**WHAT YOU ARE ASKED TO DO**
Omitting the pictures, restate all of the entries below exactly.
────
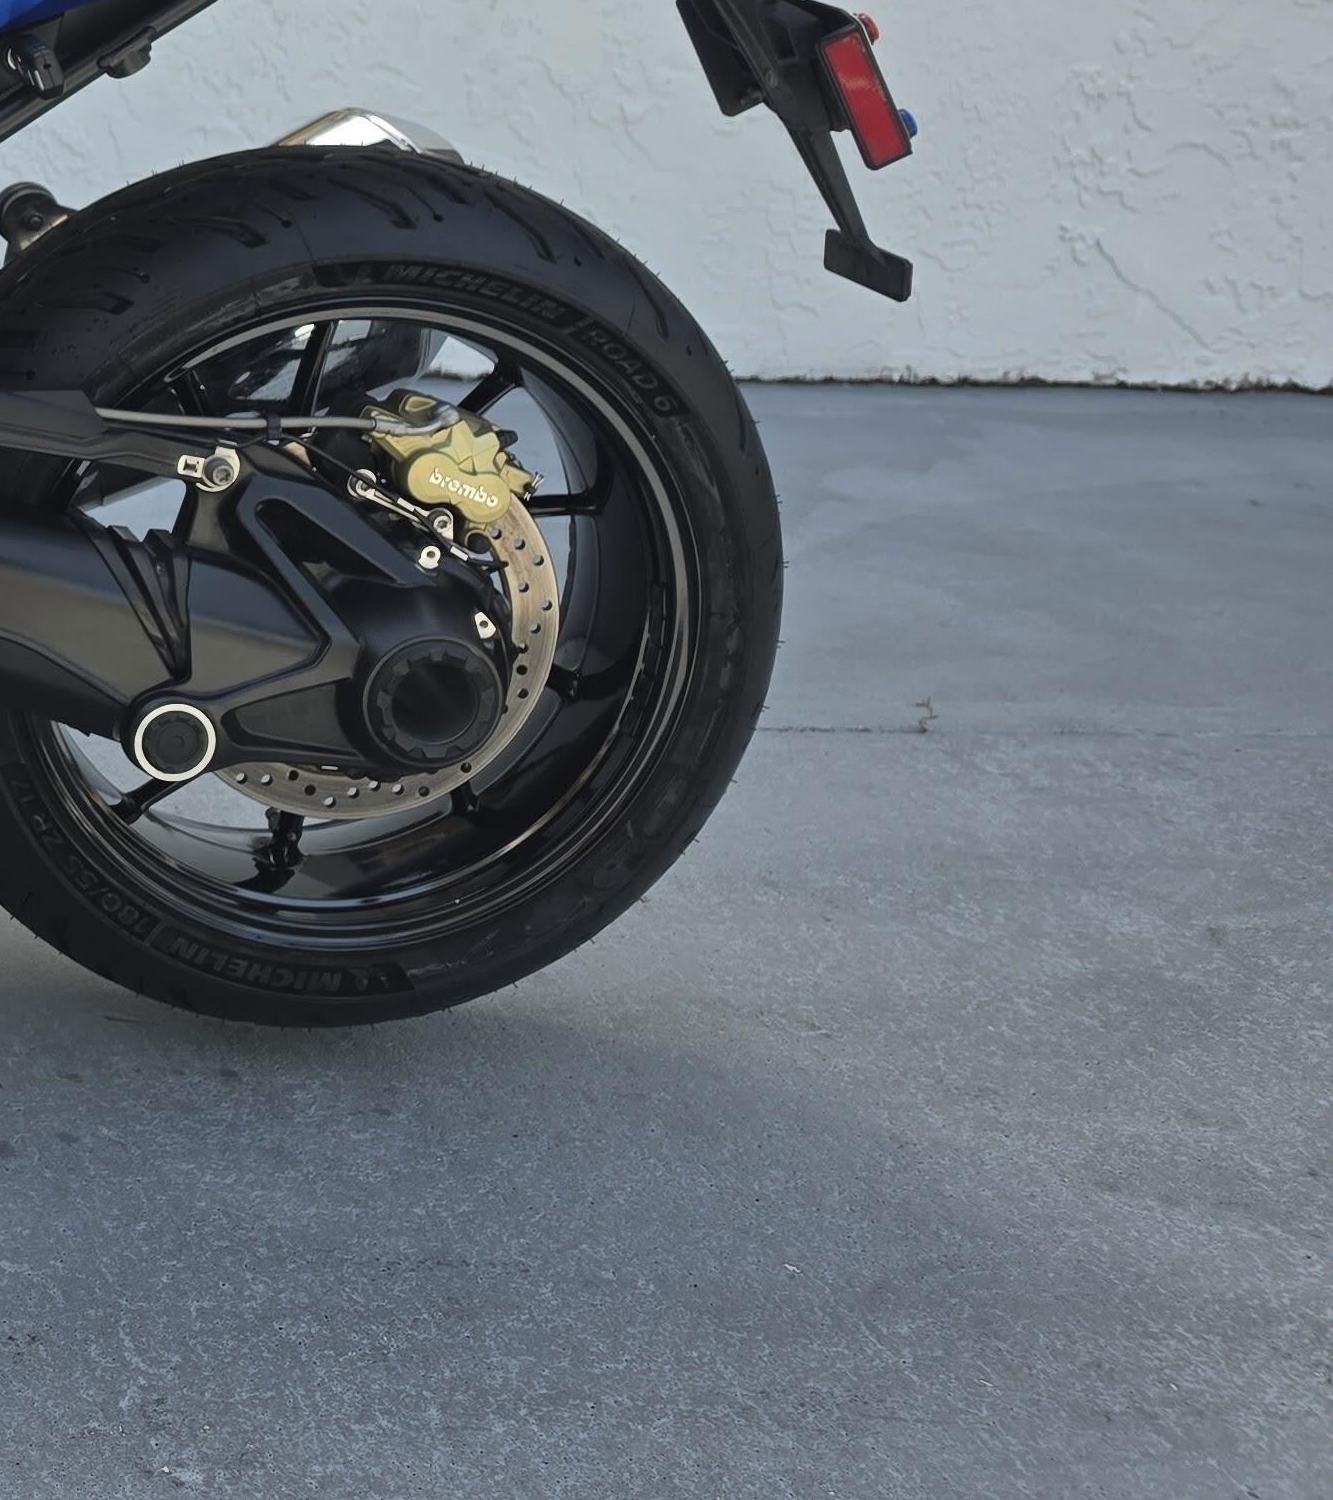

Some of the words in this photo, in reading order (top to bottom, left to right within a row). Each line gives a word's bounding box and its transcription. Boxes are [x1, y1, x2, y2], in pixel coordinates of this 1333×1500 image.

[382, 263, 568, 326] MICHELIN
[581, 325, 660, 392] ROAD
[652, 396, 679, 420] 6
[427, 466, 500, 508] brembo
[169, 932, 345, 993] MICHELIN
────
**EXERCISE RESULT**
Some of the words in this photo, in reading order (top to bottom, left to right within a row). Each line gives a word's bounding box and its transcription. Boxes are [x1, y1, x2, y2], in pixel coordinates of this 1333×1500 image.

[382, 263, 568, 326] MICHELIN
[581, 325, 660, 392] ROAD
[652, 396, 679, 420] 6
[427, 466, 500, 508] brembo
[169, 932, 345, 993] MICHELIN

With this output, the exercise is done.